Munhoz Netto (1983, p.11) define os crimes de omissão da seguinte maneira:

[...]O que distingue estas formas de crimes omissivos, é que, na primeira a punição independe da produção de qualquer resultado, enquanto que, nas demais, a superveniência real ou potencial do resultado é elemento caracterizador do crime consumado ou de sua tentativa.

Encontramos, igualmente, fartos exemplos na doutrina estrangeira.
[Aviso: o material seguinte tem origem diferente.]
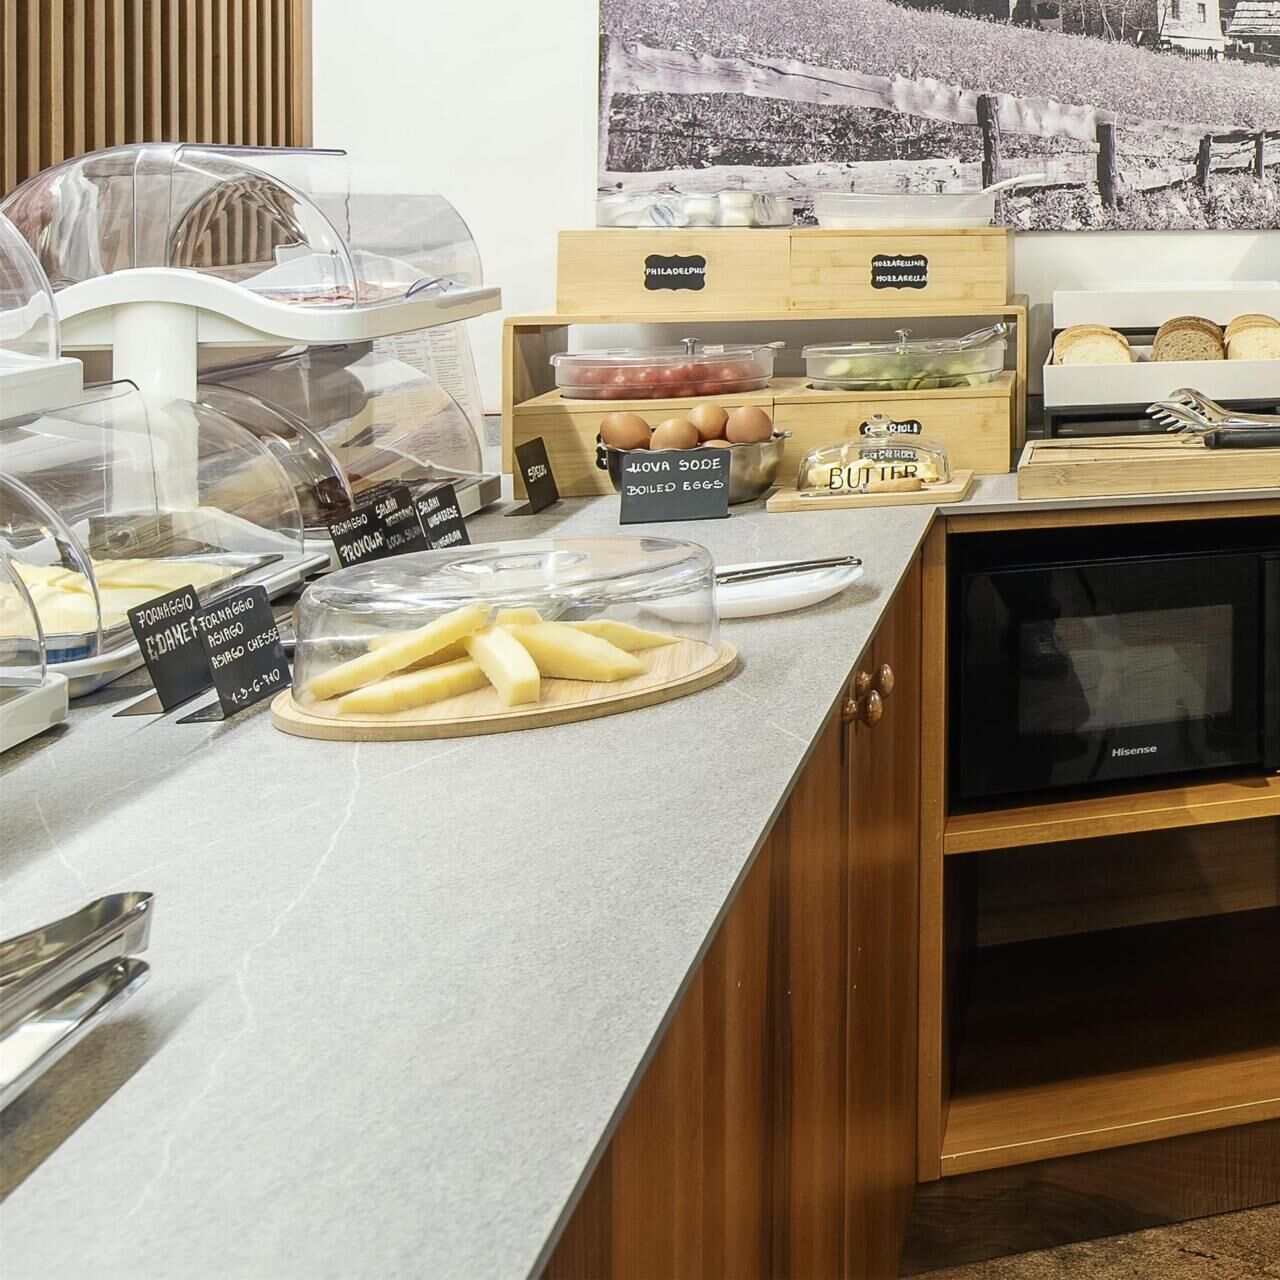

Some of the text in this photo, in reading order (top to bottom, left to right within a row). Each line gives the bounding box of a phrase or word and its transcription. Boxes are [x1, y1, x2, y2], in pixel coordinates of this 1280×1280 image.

Wessels

(1976, p.158) distingue os dois delitos nos seguintes termos:

[...] Fatos puníveis que se esgotam na infração a uma norma mandamental e na simples omissão de uma atividade exigida pela lei. [...] São delitos omissivos impróprios, em contrapartida, os fatos puníveis nos quais o omitente está obrigado, como garantidor, a impedir o resultado, e nos quais o omitir-se corresponde valorativamente a realização do tipo legal através de um fazer ativo

Mir Puig (2007, p.269), na mesma esteira de classificação leciona que, assim

como os comissivos- que podem ser classificados em de delitos de mera atividade e

delitos de resultado- a omissão pode contentar-se apenas com o não fazer ( própria)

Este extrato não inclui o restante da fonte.